Idealistas y románticos partirían a la búsqueda de esta raíz abisal, de la que surgiría la «flor azul» del
conocimiento. Por último, la síntesis de la imaginación re-flexiona sobre sí, de modo que el sujeto
cognoscente se reconoce a sí mismo en la unidad del objeto. Es la última y más alta síntesis: la del
reconocimiento, debida al entendimiento. Por lo demás, adviértase que tal «objeto» es en el fondo
único e idéntico para cada representación.

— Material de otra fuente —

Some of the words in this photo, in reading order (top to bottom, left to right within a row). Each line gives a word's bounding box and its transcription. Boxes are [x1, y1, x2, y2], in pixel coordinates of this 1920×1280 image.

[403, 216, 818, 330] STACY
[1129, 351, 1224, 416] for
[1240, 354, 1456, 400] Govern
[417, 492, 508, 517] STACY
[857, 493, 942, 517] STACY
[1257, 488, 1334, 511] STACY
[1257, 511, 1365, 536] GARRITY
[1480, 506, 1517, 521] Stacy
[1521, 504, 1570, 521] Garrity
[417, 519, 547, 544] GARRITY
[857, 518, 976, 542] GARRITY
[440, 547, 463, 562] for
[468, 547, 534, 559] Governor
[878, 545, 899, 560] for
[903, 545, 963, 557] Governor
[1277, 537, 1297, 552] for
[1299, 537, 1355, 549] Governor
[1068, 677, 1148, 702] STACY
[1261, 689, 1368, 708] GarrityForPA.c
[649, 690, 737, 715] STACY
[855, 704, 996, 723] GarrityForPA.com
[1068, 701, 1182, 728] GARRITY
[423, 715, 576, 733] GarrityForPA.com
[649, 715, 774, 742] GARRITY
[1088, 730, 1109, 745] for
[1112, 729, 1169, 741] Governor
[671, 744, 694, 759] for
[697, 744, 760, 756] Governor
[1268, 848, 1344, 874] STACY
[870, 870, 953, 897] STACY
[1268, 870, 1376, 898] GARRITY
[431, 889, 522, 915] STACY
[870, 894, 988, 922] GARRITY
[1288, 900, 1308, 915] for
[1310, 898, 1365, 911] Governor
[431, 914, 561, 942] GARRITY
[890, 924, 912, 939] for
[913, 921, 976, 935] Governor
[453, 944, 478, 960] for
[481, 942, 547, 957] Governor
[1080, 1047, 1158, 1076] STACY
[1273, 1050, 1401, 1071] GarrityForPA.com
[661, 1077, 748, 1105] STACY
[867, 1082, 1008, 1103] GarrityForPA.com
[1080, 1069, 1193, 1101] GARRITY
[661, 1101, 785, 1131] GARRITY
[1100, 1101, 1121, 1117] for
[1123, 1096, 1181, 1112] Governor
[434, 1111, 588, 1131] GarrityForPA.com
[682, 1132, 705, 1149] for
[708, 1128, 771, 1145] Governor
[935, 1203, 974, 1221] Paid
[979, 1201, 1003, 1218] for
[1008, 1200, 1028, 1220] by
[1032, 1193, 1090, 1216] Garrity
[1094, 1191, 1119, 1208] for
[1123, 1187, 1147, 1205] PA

Kant lo llama “objeto trascendental". Este Objeto o "cosa
en general” (¡no cosa en sí!) , en cuanto lo «puesto», remite por último al acto de posición (Kant no
admite la autoposición, como hará en cambio Fichte), a saber: remite a la última unidad del sujeto: la
unidad sintética de la apercepción, la fuente o foco de donde emana el orden categorial.

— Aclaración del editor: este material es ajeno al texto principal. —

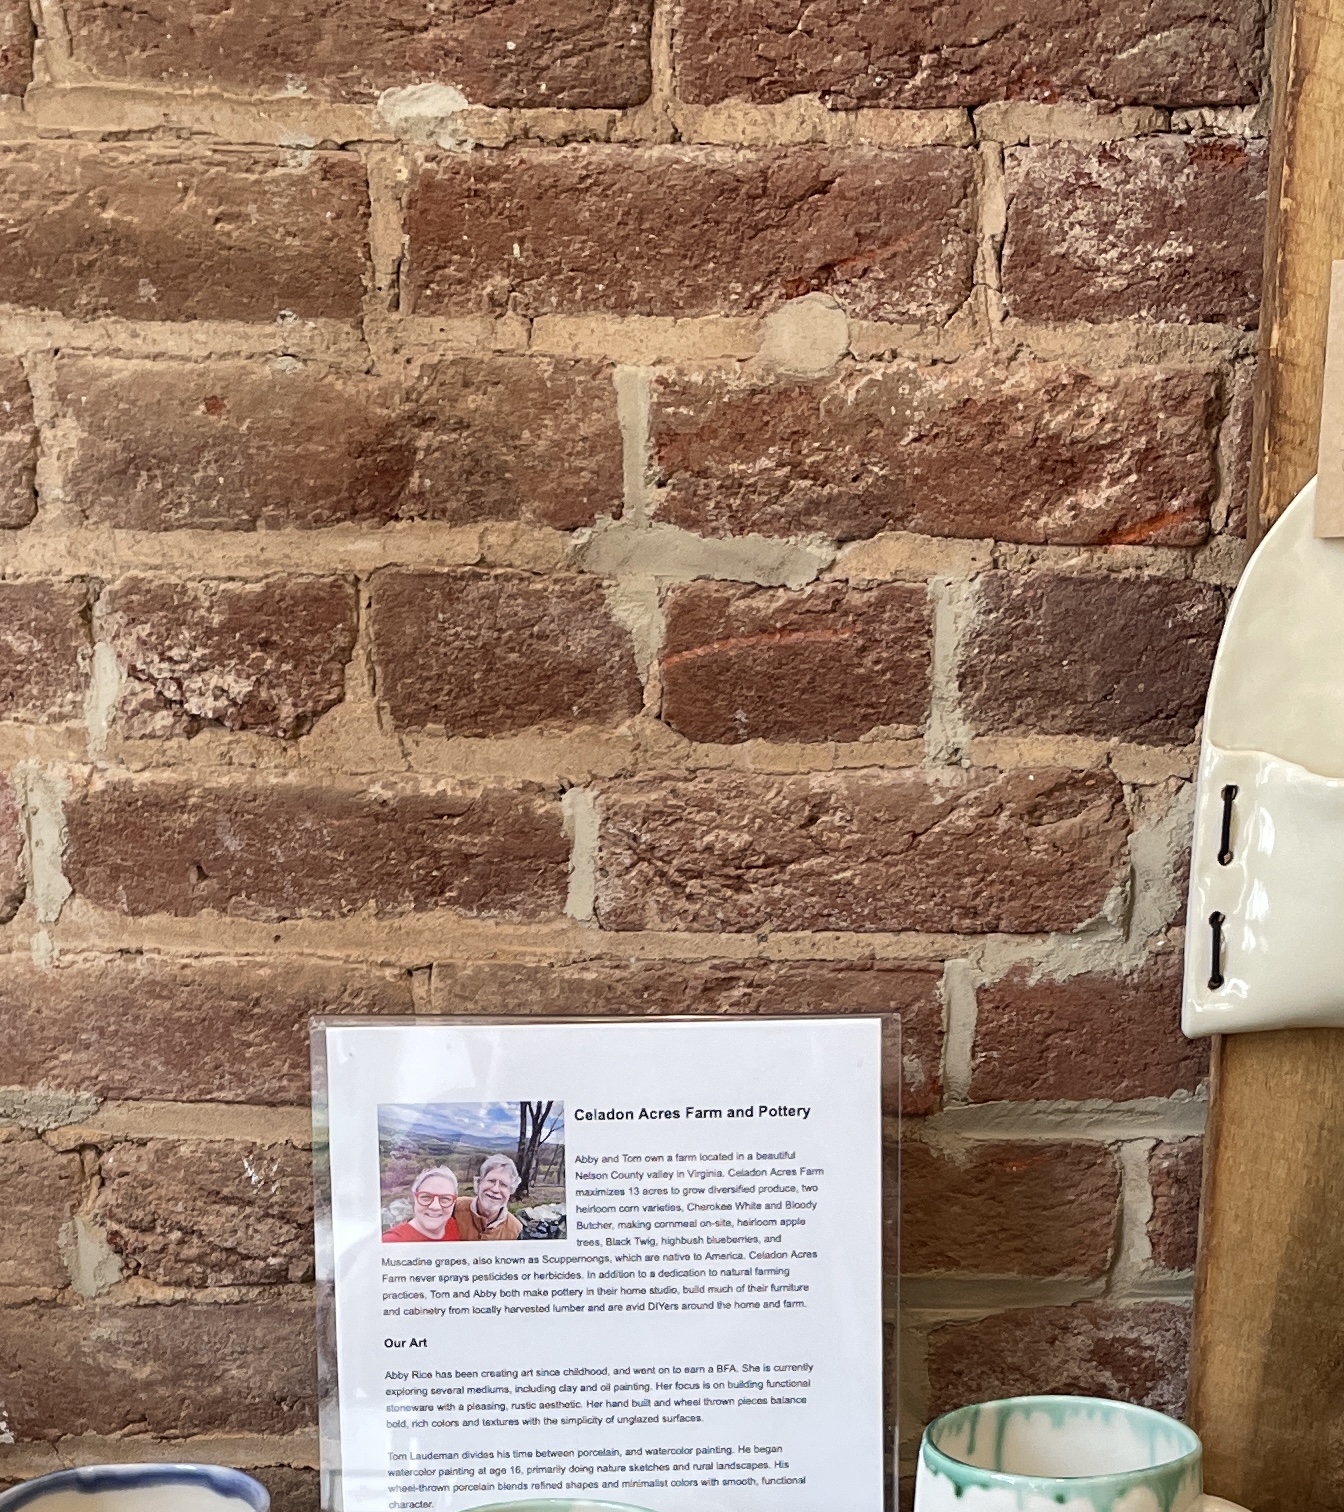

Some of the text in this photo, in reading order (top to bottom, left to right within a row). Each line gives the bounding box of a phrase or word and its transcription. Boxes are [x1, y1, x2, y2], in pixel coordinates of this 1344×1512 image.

[573, 1104, 811, 1121] Celadon Acres Farm and Pottery
[573, 1150, 796, 1166] Abby and Tom own a farm located in a beautiful
[574, 1165, 824, 1181] Nelson County valley in Virginia. Celadon Acres Farm
[574, 1187, 625, 1196] maximizes
[641, 1187, 669, 1196] acres
[670, 1185, 680, 1195] to
[681, 1186, 706, 1197] grow
[707, 1183, 756, 1194] diversified
[757, 1183, 799, 1195] produce,
[800, 1183, 819, 1192] two
[575, 1199, 818, 1214] heirloom corn varieties, Cherokee White and Bloody
[575, 1216, 806, 1231] Butcher, making cornmeal on-site, heirloom apple
[575, 1233, 782, 1248] trees, Black Twig, highbush blueberries, and
[380, 1248, 818, 1268] Muscadine grapes, also known as Scuppernongs, which are native to America. Celadon Acres
[383, 1337, 427, 1348] Our Art
[385, 1412, 704, 1429] bold, rich colors and textures with the simplicity of unglazed surfaces.
[388, 1451, 407, 1461] Tom
[460, 1449, 495, 1460] divides
[495, 1449, 511, 1459] his
[511, 1448, 533, 1459] time
[534, 1448, 575, 1458] between
[576, 1447, 622, 1459] porcelain,
[624, 1446, 643, 1456] and
[643, 1445, 694, 1456] watercolor
[694, 1444, 735, 1456] painting.
[736, 1444, 751, 1454] He
[752, 1444, 783, 1455] began

La modificación fundamental en los textos añadidos en 1787 no es baladí (y para muchos
consumados intérpretes, como Schopenhauer y Heidegger, constituye un retroceso). En ellos pierden
sensibilidad e imaginación su función de sinopsis y síntesis, respectivamente: ningún enlace puede
llegar a nosotros a través de los sentidos ni estar contenido en la forma pura de la intuición, dice ahora
Kant (KrV B 130). La imaginación, por su parte, deja de ser una “facultad” separada, y menos la raíz
común de multiplicidad y de unidad, o sea de sensibilidad y de entendimiento, para convertirse en
mero efecto de éste sobre aquélla, como si Kant quisiera establecer su deducción estrictamente «de
arriba» (la unidad, producto de la espontaneidad del entendimiento) «abajo» (la multiplicidad, ofrecida
por la intuición). Por otra parte, la famosa y enigmática “unidad sintética de la apercepción” (el
hondón del «yo» de cada uno de nosotros) es vista como una mera cláusula lógica, vehículo de toda
proposición con sentido, y que «tiene que poder acompañar a todas mis representaciones.» (KrV B
132). Así, el Principio de la apercepción (foco del entendimiento) es elevado a principio supremo "de
todo el conocimiento humano” (B 135), sometiendo a imaginación y a sensibilidad trascendental. La
paradoja es clara: por una parte, Kant escapa a todo intento «idealista» de reificación de esa suprema
unidad de síntesis (algo así como si creyéramos en la existencia de un Yo absoluto y donador de
sentido, que se reconoce a sí mismo en la intuición, enlazando así -y hasta identificando- posición de
sí y autoafección); pero, por otra, ha de reconocer que esa unidad de toda síntesis, o sea: el Yo pienso,
es a su vez... analítica: puro resultado del regressus; algo que da qué pensar y qué conocer, pero que en
sí y de por sí es, no sólo incognoscible, sino absolutamente impensable. Como si dijéramos: el foco
último de la lógica (trascendental, y también formal) no es lógico. Esta sería la última -y bien extraña-
palabra de la deducción trascendental en 1787- Y, con ella, de la entera Analítica de los conceptos: un
«Yo pienso» que no es ni concepto, ni intuición, ni juicio (sino, a lo sumo, la cláusula -casi como un
muñón- que otorga validez a todo juicio).